La campaña a favor de la agenda comercial de Estados Unidos incluye una concentración mañana en el Senado, discursos y una gira del secretario de Comercio, Carlos Gutiérrez, junto con legisladores demócratas y republicanos por Panamá, Perú, y Colombia, en ese orden, entre el 12 y 15 de septiembre próximos.
De esta forma, la administración del presidente George W. Bush, que ha apostado por la liberalización comercial como antídoto a la pobreza y el subdesarrollo en la región, quiere contrarrestar lo que considera como una ola proteccionista en los corredores del Legislativo.
Tal como lo hizo durante el debate y votación del Tratado de Libre Comercio con Centroamérica y República Dominicana (CAFTA-DR), la Casa Blanca retoma el argumento de que los TLC no sólo tienen sentido sino que son clave para la prosperidad y seguridad en la región.
Ese es el mensaje que llevarán mañana al edificio Dirksen del Senado de Estados Unidos Gutiérrez, el secretario de Agricultura, Mike Johanns, la representante de Comercio Exterior, Susan Schwab, y líderes de los sectores empresarial y agropecuario del país.

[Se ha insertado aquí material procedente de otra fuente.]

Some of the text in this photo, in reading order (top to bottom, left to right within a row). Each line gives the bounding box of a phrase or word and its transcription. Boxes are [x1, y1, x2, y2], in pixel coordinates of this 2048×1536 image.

La concentración del lunes fue organizada por el senador Charles Grassley, el republicano de mayor rango en el Comité de Finanzas del Senado y principal movilizador del CAFTA-DR.

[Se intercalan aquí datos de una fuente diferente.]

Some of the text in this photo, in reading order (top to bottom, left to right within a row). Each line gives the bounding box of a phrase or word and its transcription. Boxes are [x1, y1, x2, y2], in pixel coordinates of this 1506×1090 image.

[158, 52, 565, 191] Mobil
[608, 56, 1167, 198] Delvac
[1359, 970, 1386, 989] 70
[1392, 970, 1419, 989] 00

Grassley, republicano por Iowa (un estado con fuertes intereses agrícolas), quiere que el Congreso, bajo dominio demócrata, ratifique los TLC en las semanas que restan de esta sesión legislativa.
Pero eso constituye una tarea ingente para el Legislativo, donde la guerra en Irak y la creciente frustración por el déficit comercial con China, se perfilan como los principales obstáculos para la votación de los pactos bilaterales.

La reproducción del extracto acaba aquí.